Sean McHale says Ed Miliband should learn from Barcelona. In doing so, he draws attention to why politics is so flawed a discipline.
Sean says that, in the Real Madrid game, Victor Valdes continued to play short balls out of goal despite the fact that doing so had gifted Madrid a goal early doors. He advises Miliband to similarly stick to one track rather than fumble around in the dark.
This misses the huge difference between Valdes and Miliband*. Valdes could draw on vast experience which shows that playing it short is, for Barcelona, a successful strategy. But Miliband has no such large evidence base to draw upon. And this makes his job far tougher. Valdes could rationally interpret a failure of a single short ball as an exception to a generally good strategy, because he had played countless such balls successfully before. He therefore had a strong Bayesian prior that short balls work, on average. But Miliband, lacking such relevant precedents, can have no such strong priors. If he sees a policy statement fail to win support, he cannot infer, Valdes-style, that this is a rare exception to a successful overall strategy. Instead, a rational Bayesian would be more likely to infer that he is on the wrong track.
In this sense, Sean’s call for Miliband to stick to his instincts might be mistaken. What caused Valdes to continue playing it short was not instinct, but rather a rational judgment based upon experience. Miliband, however, is not in so happy a position.
Miliband is not unique in this. Politicians very often find themselves in positions where they have few precedents from which to form judgments - a problem exacerbated if they are ignorant of history or of other countries’ experiences. It will, therefore, be far harder to find the right strategy, and even if they do an early failure might cause them to wrongly but rationally change course.
In this sense, politicians are more like entrepreneurs than managers. A defining feature of the entrepreneur - as distinct from the manager - is that, as Israel Kirzner said, he is a person who must act on the basis of limited precedent and knowledge. Such actions are liable to fail.
But there's a massive difference between entrepreneurship and politics. We have found a way of improving the odds of entrepreneurial success. We allow many entrepreneurs to compete against each other, to see who succeeds; this is why free entry into markets and access to capital are so important. In politics, however, competition is much more limited and entry restricted. So the natural selection we have in markets operates much less well.
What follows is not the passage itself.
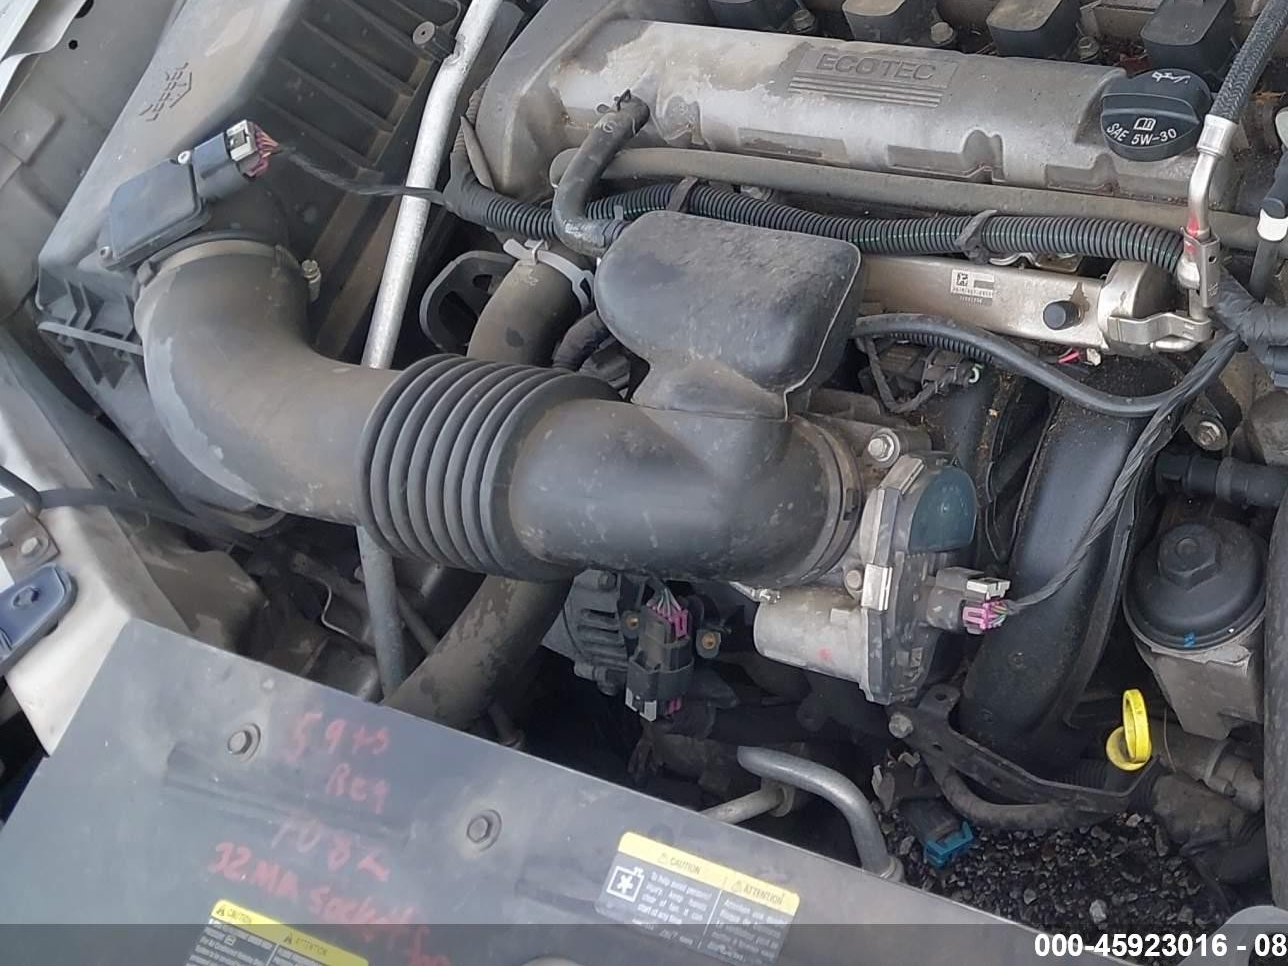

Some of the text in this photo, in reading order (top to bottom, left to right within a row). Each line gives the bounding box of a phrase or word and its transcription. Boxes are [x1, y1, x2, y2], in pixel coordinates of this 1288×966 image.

In this sense, political activity offers us the worst of both worlds. It has neither the body of experience, evidence base and precedent that sportsmen, engineers, bureaucrats, lawyers or some artists can draw upon. Nor does it permit the ruthless natural selection that well-functioning markets do. It is, then, small wonder that, as Enoch Powell said, “all political lives end in failure.”
* OK, there are other differences, not least of which is that Valdes is surrounded by geniuses. I’m confining myself to just one.